In the records below, find the line containing "this 1301×1464 image.", then extract that line and all subsequent lines exactly, leaving out everything else.

Task material: Begin

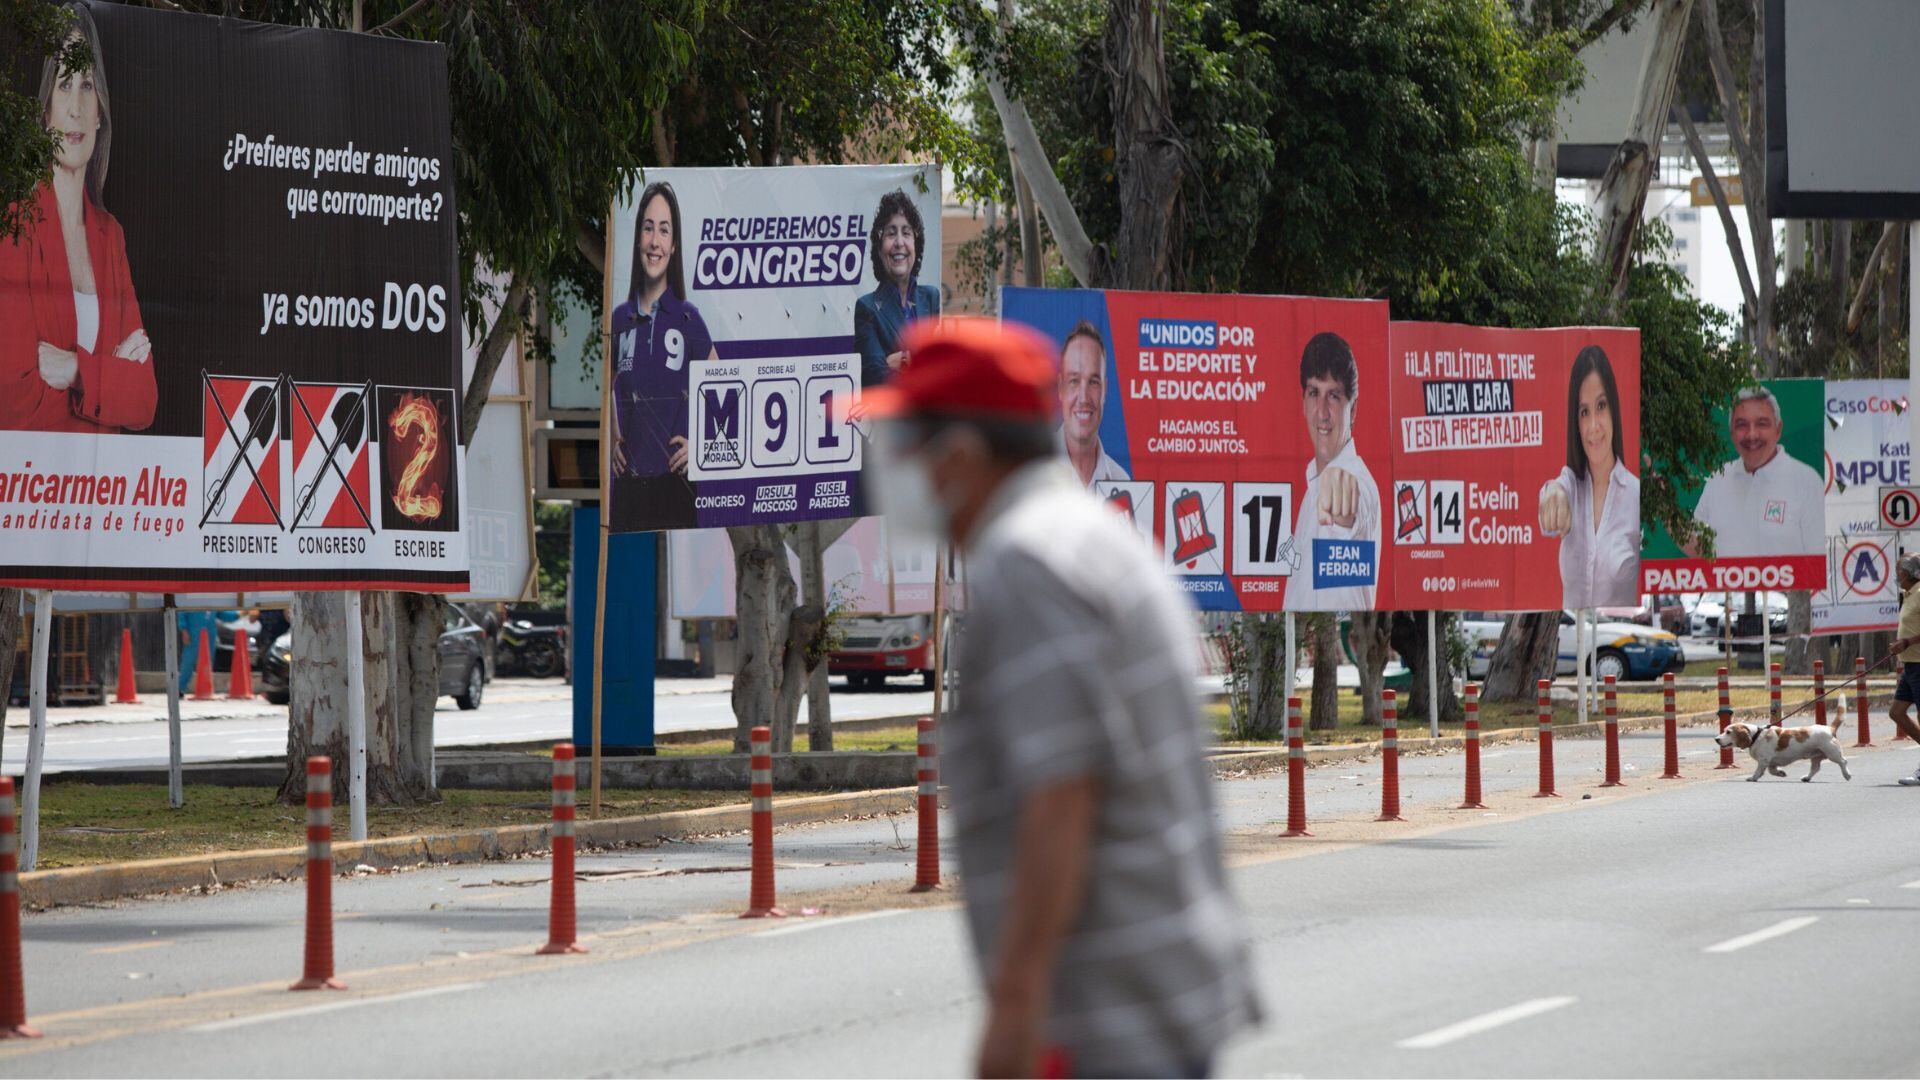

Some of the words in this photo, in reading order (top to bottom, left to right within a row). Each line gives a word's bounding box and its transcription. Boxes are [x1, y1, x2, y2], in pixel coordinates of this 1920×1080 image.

[223, 133, 310, 171] ¿Prefieres
[313, 141, 371, 179] perder
[374, 147, 440, 187] amigos
[287, 187, 318, 219] que
[322, 192, 443, 226] corromperte?
[701, 215, 842, 241] RECUPEREMOS
[846, 215, 868, 238] EL
[696, 244, 862, 286] CONGRESO
[260, 293, 289, 335] ya
[294, 295, 375, 329] somos
[382, 282, 446, 333] DOS
[1219, 326, 1255, 347] POR
[664, 328, 685, 371] 9
[705, 367, 728, 377] MARCA
[729, 366, 740, 376] ASÍ
[757, 365, 784, 375] ESCRIBE
[785, 363, 796, 374] ASÍ
[811, 362, 837, 372] ESCRIBE
[837, 360, 848, 371] ASÍ
[1139, 351, 1159, 372] EL
[1163, 352, 1242, 373] DEPORTE
[1245, 354, 1257, 374] Y
[1435, 348, 1494, 379] POLÍTICA
[1498, 353, 1536, 380] TIENE
[1130, 379, 1152, 399] LA
[1426, 383, 1469, 413] NUEVA
[1473, 382, 1511, 411] CARA
[704, 388, 739, 440] M
[764, 391, 788, 453] 9
[818, 389, 839, 449] 1
[1159, 419, 1220, 435] HAGAMOS
[1223, 420, 1237, 435] EL
[1405, 420, 1412, 448] Y
[1415, 415, 1448, 448] ESTÁ
[1451, 414, 1540, 446] PREPARADA!!
[704, 440, 738, 452] PARTIDO
[704, 452, 738, 463] MORADO
[1148, 438, 1196, 453] CAMBIO
[393, 399, 442, 518] 2
[131, 465, 188, 507] Alva
[757, 485, 794, 499] URSULA
[816, 482, 845, 495] SUSEL
[1469, 482, 1519, 510] Evelin
[695, 494, 746, 508] CONGRESO
[752, 499, 798, 514] MOSCOSO
[809, 495, 850, 509] PAREDES
[1433, 491, 1462, 534] 14
[102, 511, 123, 531] de
[133, 511, 185, 537] fuego
[1242, 495, 1283, 563] 17
[1468, 516, 1532, 545] Coloma
[203, 535, 278, 554] PRESIDENTE
[298, 536, 366, 554] CONGRESO
[395, 539, 445, 558] ESCRIBE
[1328, 545, 1360, 560] JEAN
[1318, 561, 1370, 576] FERRARI
[1644, 567, 1708, 592] PARA
[1712, 564, 1795, 589] TODOS
[1852, 551, 1880, 583] A
[1241, 581, 1279, 593] ESCRIBE
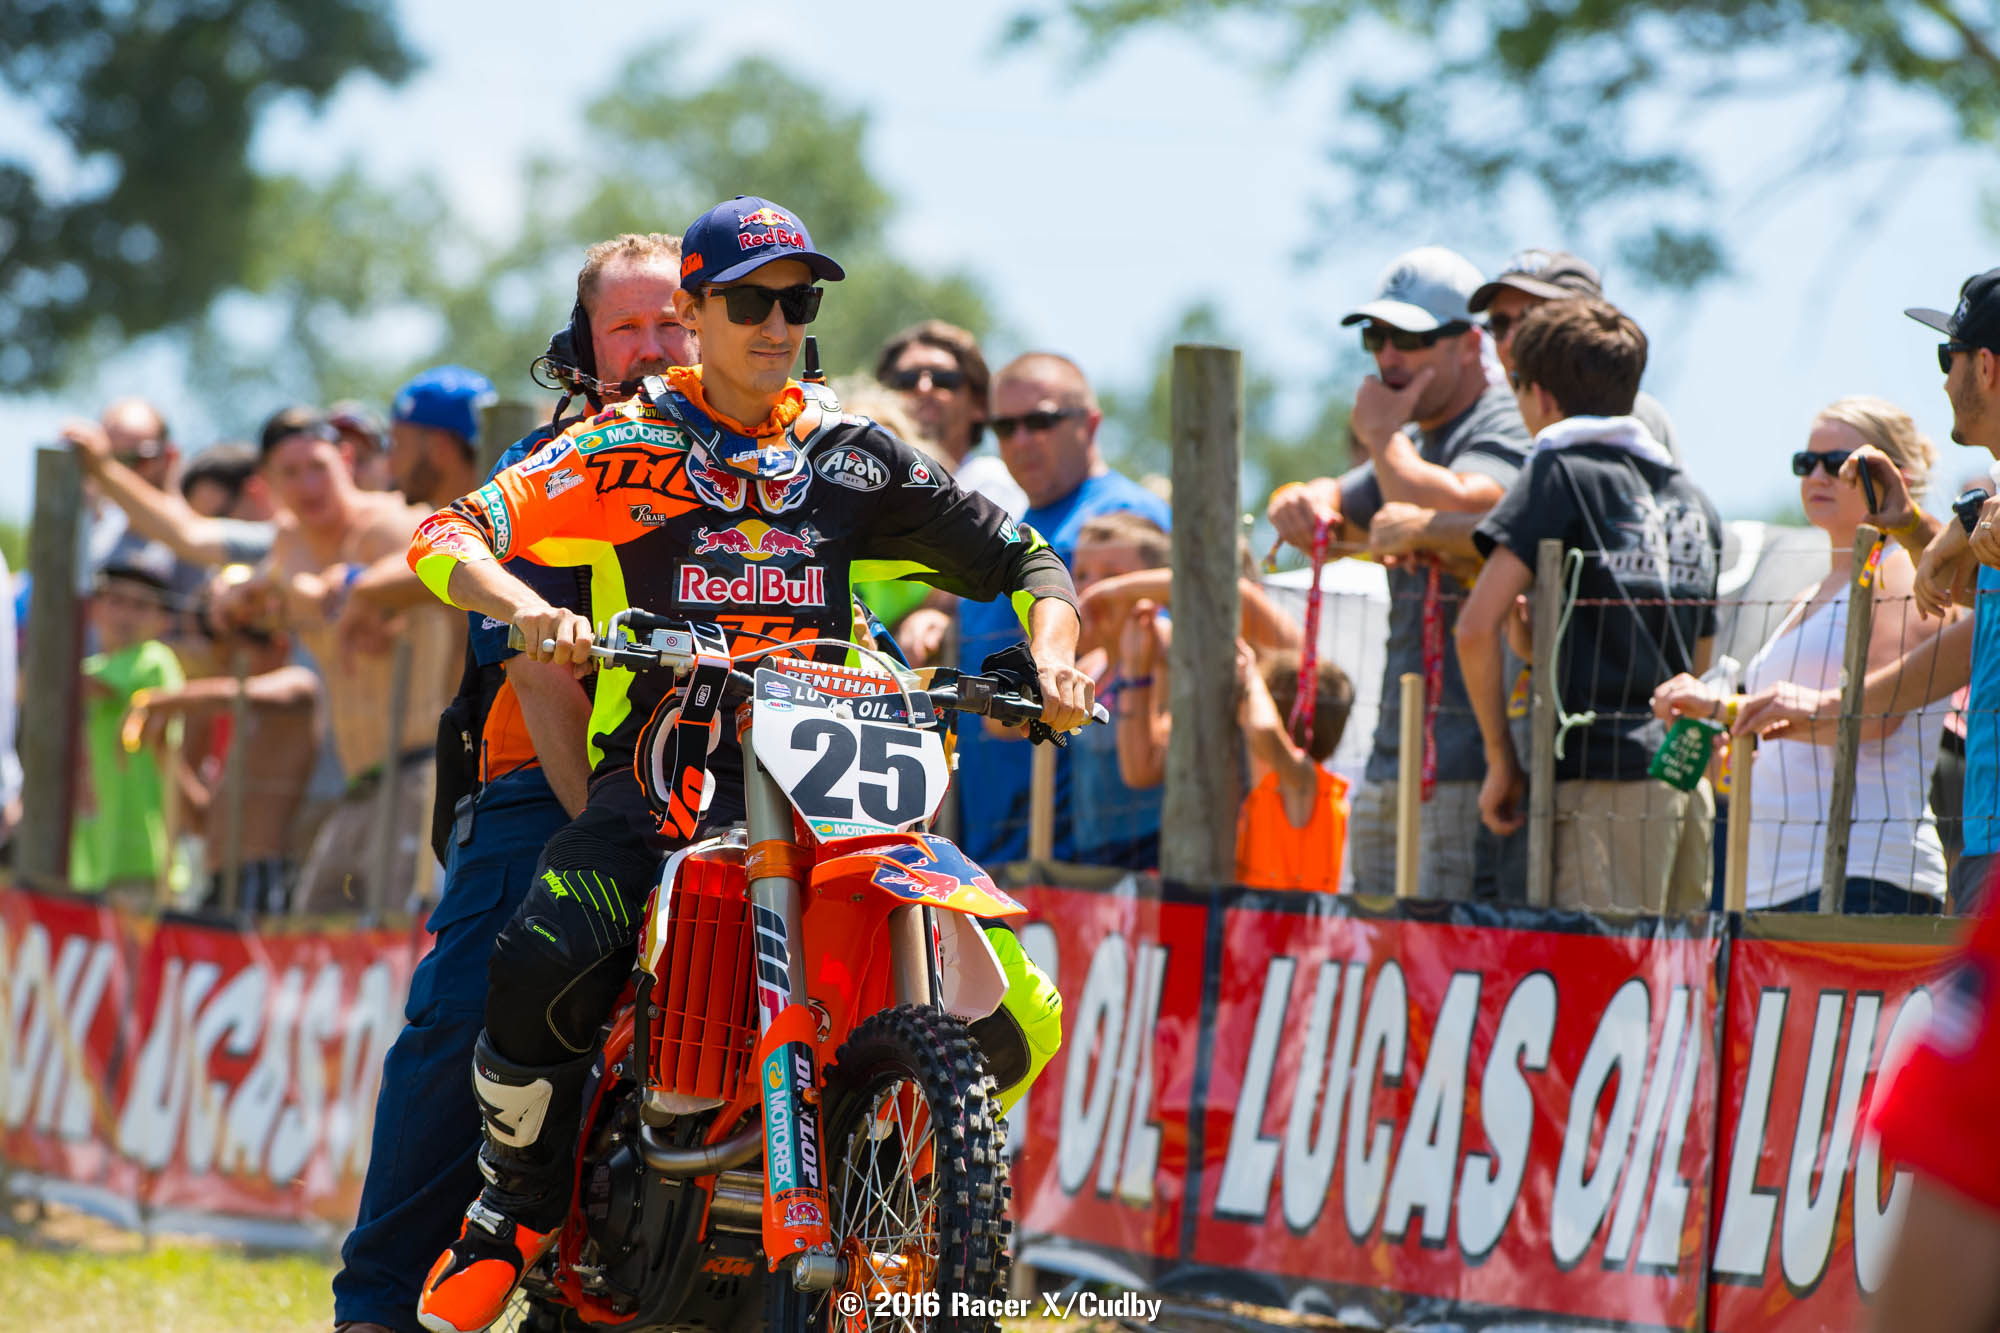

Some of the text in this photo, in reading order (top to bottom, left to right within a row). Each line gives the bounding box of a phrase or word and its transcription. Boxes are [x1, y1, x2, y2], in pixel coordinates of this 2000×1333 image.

[738, 228, 806, 250] Red Bull
[606, 424, 685, 447] MOTOREX
[485, 490, 511, 556] MOTOREX
[679, 564, 826, 607] Red Bull
[790, 718, 927, 826] 25
[1058, 931, 1170, 1208] OIL
[769, 1089, 793, 1189] MOTOREX
[1213, 955, 1559, 1267] LUCAS
[1550, 975, 1702, 1277] OIL
[1710, 984, 1934, 1304] LUC
[700, 1255, 756, 1278] KTM
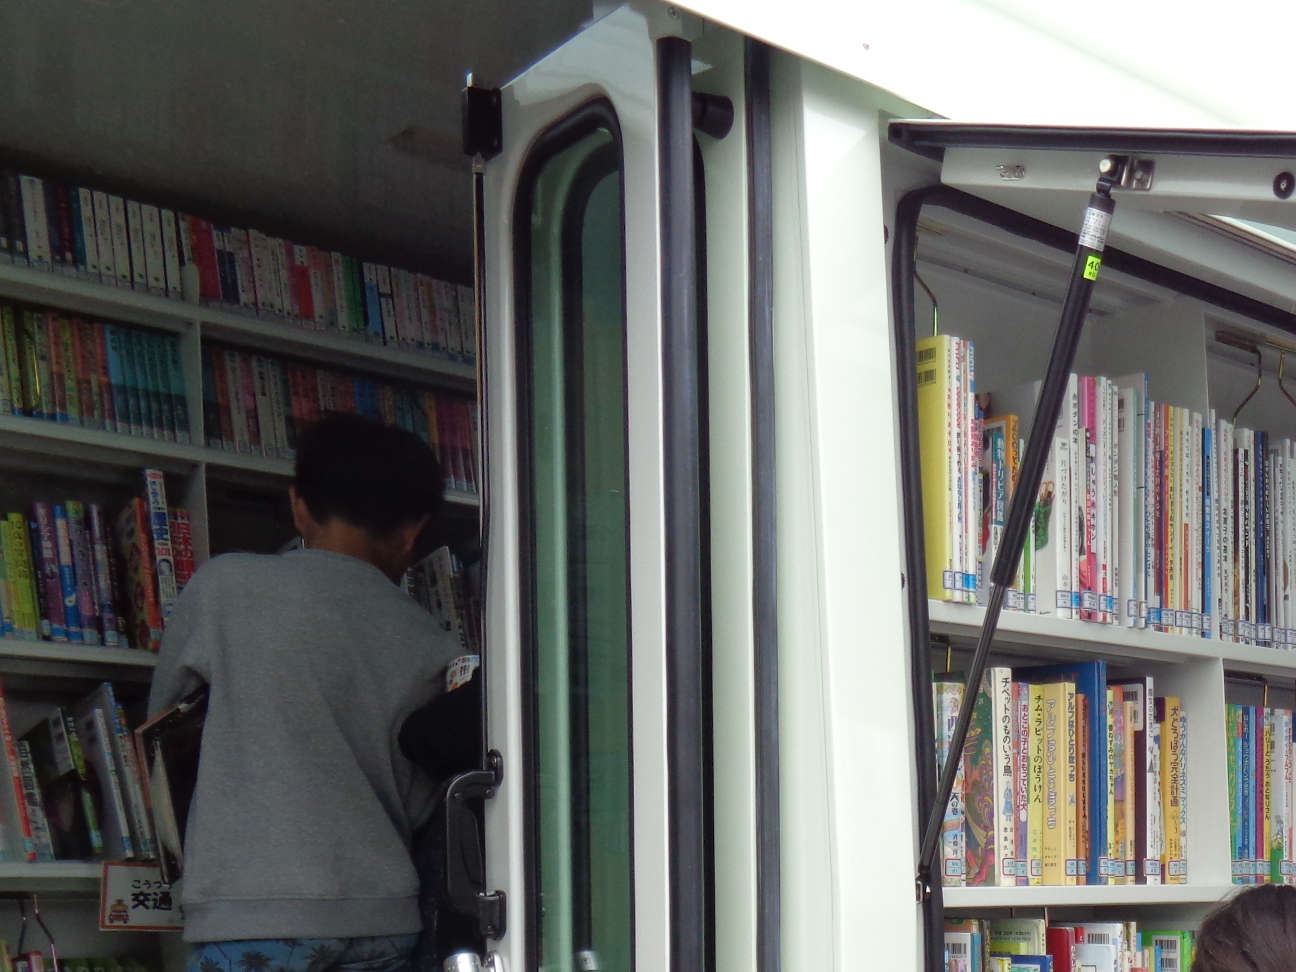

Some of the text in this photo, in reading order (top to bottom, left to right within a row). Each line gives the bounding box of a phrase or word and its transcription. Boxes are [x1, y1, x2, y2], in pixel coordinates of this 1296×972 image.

[1033, 694, 1044, 804] チム・ラビットのぼうけん
[1046, 698, 1057, 829] アルフはひとりぼっち
[1067, 691, 1076, 783] アルフはひとりぼっち
[1169, 705, 1179, 807] 犬どろぼう完全計画
[130, 890, 173, 911] 交通
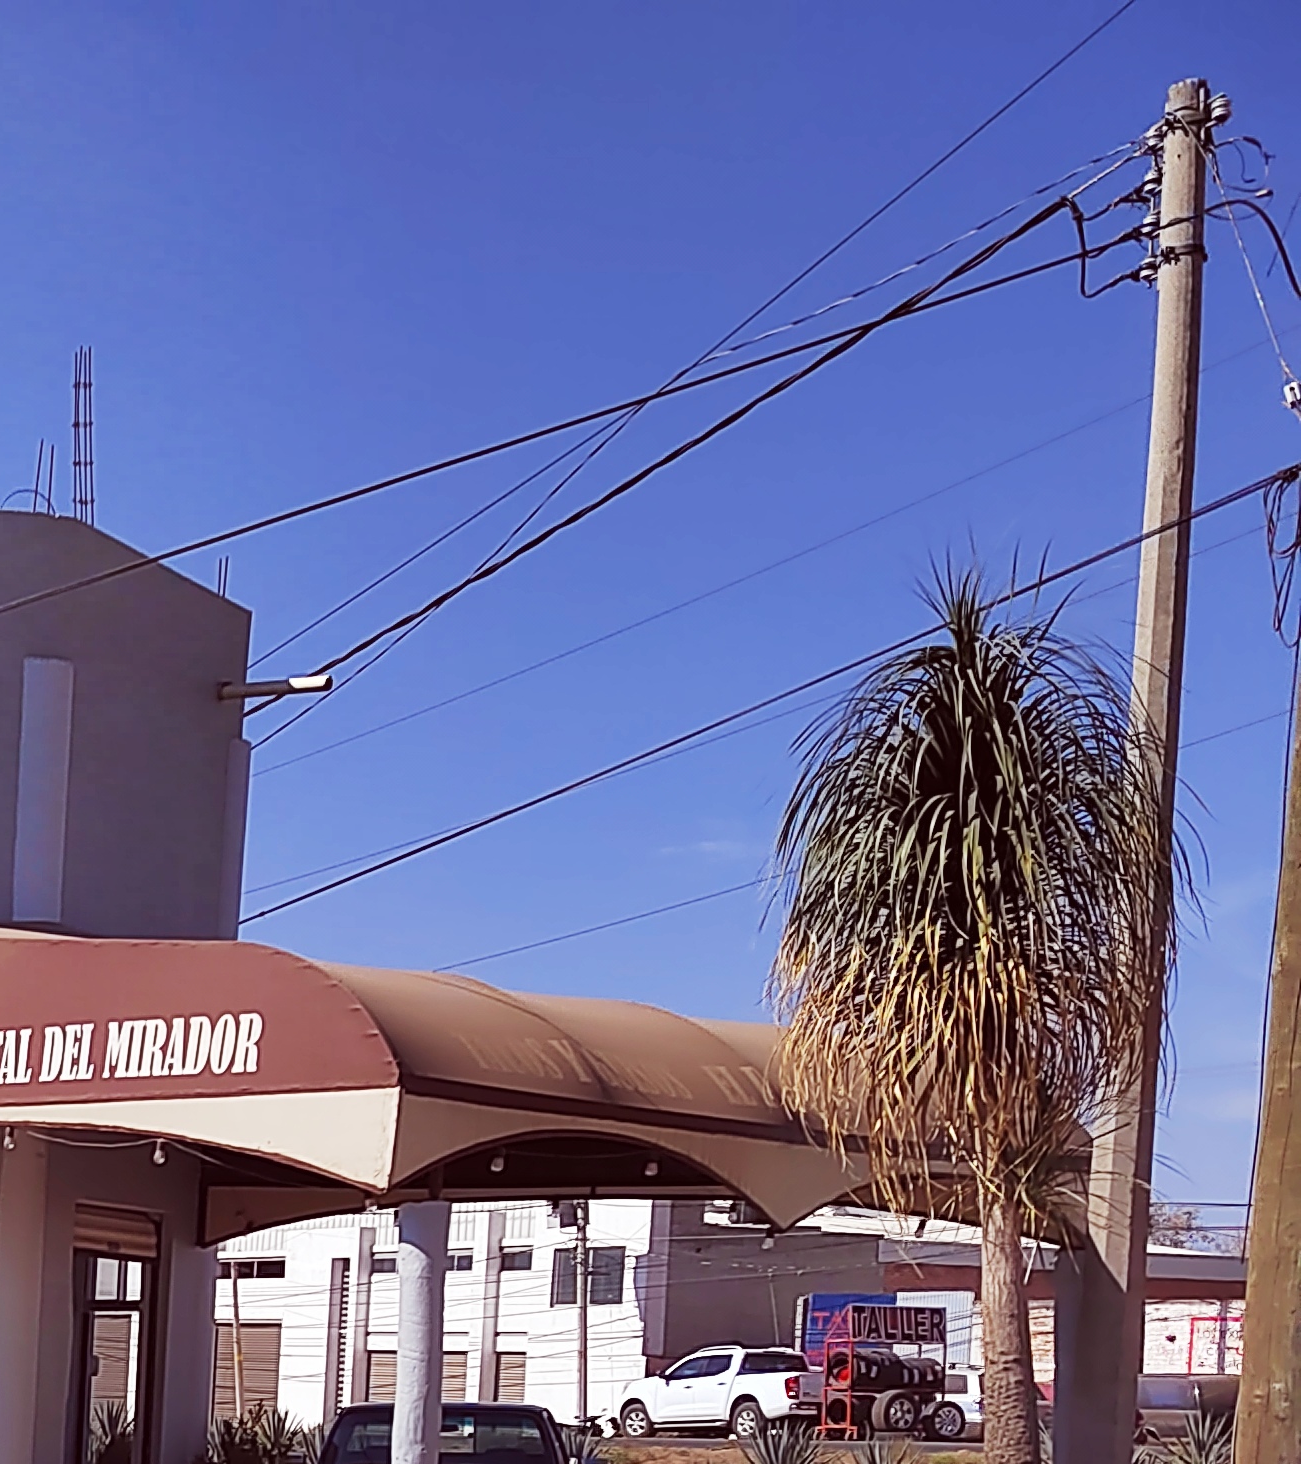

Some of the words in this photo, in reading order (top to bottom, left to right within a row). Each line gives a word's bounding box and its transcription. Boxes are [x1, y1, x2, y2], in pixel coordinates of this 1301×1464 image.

[39, 1023, 95, 1083] DEL
[102, 1012, 263, 1079] MIRADOR
[852, 1306, 945, 1341] TALLER

Task material: End

# Answer below
Some of the words in this photo, in reading order (top to bottom, left to right within a row). Each line gives a word's bounding box and its transcription. Boxes are [x1, y1, x2, y2], in pixel coordinates of this 1301×1464 image.

[39, 1023, 95, 1083] DEL
[102, 1012, 263, 1079] MIRADOR
[852, 1306, 945, 1341] TALLER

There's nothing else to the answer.